Word for word, repeat each record that follows.

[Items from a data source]
- - - - - - -

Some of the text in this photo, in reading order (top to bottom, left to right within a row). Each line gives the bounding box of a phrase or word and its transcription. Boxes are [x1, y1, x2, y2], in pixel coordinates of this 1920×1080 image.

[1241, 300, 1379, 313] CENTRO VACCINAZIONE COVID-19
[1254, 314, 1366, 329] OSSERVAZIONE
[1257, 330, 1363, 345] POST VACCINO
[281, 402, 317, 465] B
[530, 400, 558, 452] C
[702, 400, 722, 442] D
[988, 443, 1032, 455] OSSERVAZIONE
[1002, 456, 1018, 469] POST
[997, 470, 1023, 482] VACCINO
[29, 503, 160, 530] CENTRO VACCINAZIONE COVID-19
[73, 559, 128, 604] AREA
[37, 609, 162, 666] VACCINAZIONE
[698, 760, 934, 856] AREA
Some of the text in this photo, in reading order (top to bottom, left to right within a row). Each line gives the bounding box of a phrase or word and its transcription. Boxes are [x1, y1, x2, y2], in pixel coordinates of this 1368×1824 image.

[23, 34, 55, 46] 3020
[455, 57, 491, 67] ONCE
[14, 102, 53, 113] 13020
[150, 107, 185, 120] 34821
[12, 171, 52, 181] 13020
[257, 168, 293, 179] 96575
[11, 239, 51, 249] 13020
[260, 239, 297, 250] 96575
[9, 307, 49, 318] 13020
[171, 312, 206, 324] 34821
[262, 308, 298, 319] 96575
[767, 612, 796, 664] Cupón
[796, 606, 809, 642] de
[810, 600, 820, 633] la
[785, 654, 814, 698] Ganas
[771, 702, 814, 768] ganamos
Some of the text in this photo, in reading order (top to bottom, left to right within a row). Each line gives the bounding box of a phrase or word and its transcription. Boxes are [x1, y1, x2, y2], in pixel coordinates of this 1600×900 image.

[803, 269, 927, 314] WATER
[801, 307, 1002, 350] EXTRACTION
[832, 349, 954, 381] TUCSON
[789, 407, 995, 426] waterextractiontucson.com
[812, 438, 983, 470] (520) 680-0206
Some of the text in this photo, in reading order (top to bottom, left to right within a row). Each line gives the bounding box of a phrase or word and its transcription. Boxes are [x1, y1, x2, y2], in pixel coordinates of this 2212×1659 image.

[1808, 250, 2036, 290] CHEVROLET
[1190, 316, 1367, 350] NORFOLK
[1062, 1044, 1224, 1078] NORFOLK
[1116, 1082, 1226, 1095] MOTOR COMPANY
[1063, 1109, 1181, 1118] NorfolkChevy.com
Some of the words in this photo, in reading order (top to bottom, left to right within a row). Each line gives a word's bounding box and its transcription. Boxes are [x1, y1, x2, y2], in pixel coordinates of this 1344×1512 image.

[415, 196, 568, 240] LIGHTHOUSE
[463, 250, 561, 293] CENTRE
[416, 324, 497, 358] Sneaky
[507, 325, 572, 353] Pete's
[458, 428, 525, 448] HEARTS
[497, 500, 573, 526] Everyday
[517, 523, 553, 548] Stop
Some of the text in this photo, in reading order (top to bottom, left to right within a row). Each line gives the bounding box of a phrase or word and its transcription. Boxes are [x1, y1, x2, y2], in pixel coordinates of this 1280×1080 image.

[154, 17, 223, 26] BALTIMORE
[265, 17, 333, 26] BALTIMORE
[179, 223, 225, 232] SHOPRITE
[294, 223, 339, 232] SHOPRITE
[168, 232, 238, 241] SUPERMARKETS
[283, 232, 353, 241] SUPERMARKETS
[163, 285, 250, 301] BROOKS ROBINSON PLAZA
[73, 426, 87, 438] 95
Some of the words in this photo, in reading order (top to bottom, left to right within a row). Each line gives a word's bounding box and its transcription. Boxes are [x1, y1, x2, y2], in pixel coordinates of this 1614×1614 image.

- - - - - - -

# SOLUTION TO THE PROBLEM
Some of the text in this photo, in reading order (top to bottom, left to right within a row). Each line gives the bounding box of a phrase or word and its transcription. Boxes are [x1, y1, x2, y2], in pixel coordinates of this 1920×1080 image.

[1241, 300, 1379, 313] CENTRO VACCINAZIONE COVID-19
[1254, 314, 1366, 329] OSSERVAZIONE
[1257, 330, 1363, 345] POST VACCINO
[281, 402, 317, 465] B
[530, 400, 558, 452] C
[702, 400, 722, 442] D
[988, 443, 1032, 455] OSSERVAZIONE
[1002, 456, 1018, 469] POST
[997, 470, 1023, 482] VACCINO
[29, 503, 160, 530] CENTRO VACCINAZIONE COVID-19
[73, 559, 128, 604] AREA
[37, 609, 162, 666] VACCINAZIONE
[698, 760, 934, 856] AREA
Some of the text in this photo, in reading order (top to bottom, left to right within a row). Each line gives the bounding box of a phrase or word and its transcription. Boxes are [x1, y1, x2, y2], in pixel coordinates of this 1368×1824 image.

[23, 34, 55, 46] 3020
[455, 57, 491, 67] ONCE
[14, 102, 53, 113] 13020
[150, 107, 185, 120] 34821
[12, 171, 52, 181] 13020
[257, 168, 293, 179] 96575
[11, 239, 51, 249] 13020
[260, 239, 297, 250] 96575
[9, 307, 49, 318] 13020
[171, 312, 206, 324] 34821
[262, 308, 298, 319] 96575
[767, 612, 796, 664] Cupón
[796, 606, 809, 642] de
[810, 600, 820, 633] la
[785, 654, 814, 698] Ganas
[771, 702, 814, 768] ganamos
Some of the text in this photo, in reading order (top to bottom, left to right within a row). Each line gives the bounding box of a phrase or word and its transcription. Boxes are [x1, y1, x2, y2], in pixel coordinates of this 1600×900 image.

[803, 269, 927, 314] WATER
[801, 307, 1002, 350] EXTRACTION
[832, 349, 954, 381] TUCSON
[789, 407, 995, 426] waterextractiontucson.com
[812, 438, 983, 470] (520) 680-0206
Some of the text in this photo, in reading order (top to bottom, left to right within a row). Each line gives the bounding box of a phrase or word and its transcription. Boxes are [x1, y1, x2, y2], in pixel coordinates of this 2212×1659 image.

[1808, 250, 2036, 290] CHEVROLET
[1190, 316, 1367, 350] NORFOLK
[1062, 1044, 1224, 1078] NORFOLK
[1116, 1082, 1226, 1095] MOTOR COMPANY
[1063, 1109, 1181, 1118] NorfolkChevy.com
Some of the words in this photo, in reading order (top to bottom, left to right within a row). Each line gives a word's bounding box and its transcription. Boxes are [x1, y1, x2, y2], in pixel coordinates of this 1344×1512 image.

[415, 196, 568, 240] LIGHTHOUSE
[463, 250, 561, 293] CENTRE
[416, 324, 497, 358] Sneaky
[507, 325, 572, 353] Pete's
[458, 428, 525, 448] HEARTS
[497, 500, 573, 526] Everyday
[517, 523, 553, 548] Stop
Some of the text in this photo, in reading order (top to bottom, left to right within a row). Each line gives the bounding box of a phrase or word and its transcription. Boxes are [x1, y1, x2, y2], in pixel coordinates of this 1280×1080 image.

[154, 17, 223, 26] BALTIMORE
[265, 17, 333, 26] BALTIMORE
[179, 223, 225, 232] SHOPRITE
[294, 223, 339, 232] SHOPRITE
[168, 232, 238, 241] SUPERMARKETS
[283, 232, 353, 241] SUPERMARKETS
[163, 285, 250, 301] BROOKS ROBINSON PLAZA
[73, 426, 87, 438] 95
Some of the words in this photo, in reading order (top to bottom, left to right within a row). Each line gives a word's bounding box and its transcription. Boxes are [x1, y1, x2, y2], in pixel coordinates of this 1614×1614 image.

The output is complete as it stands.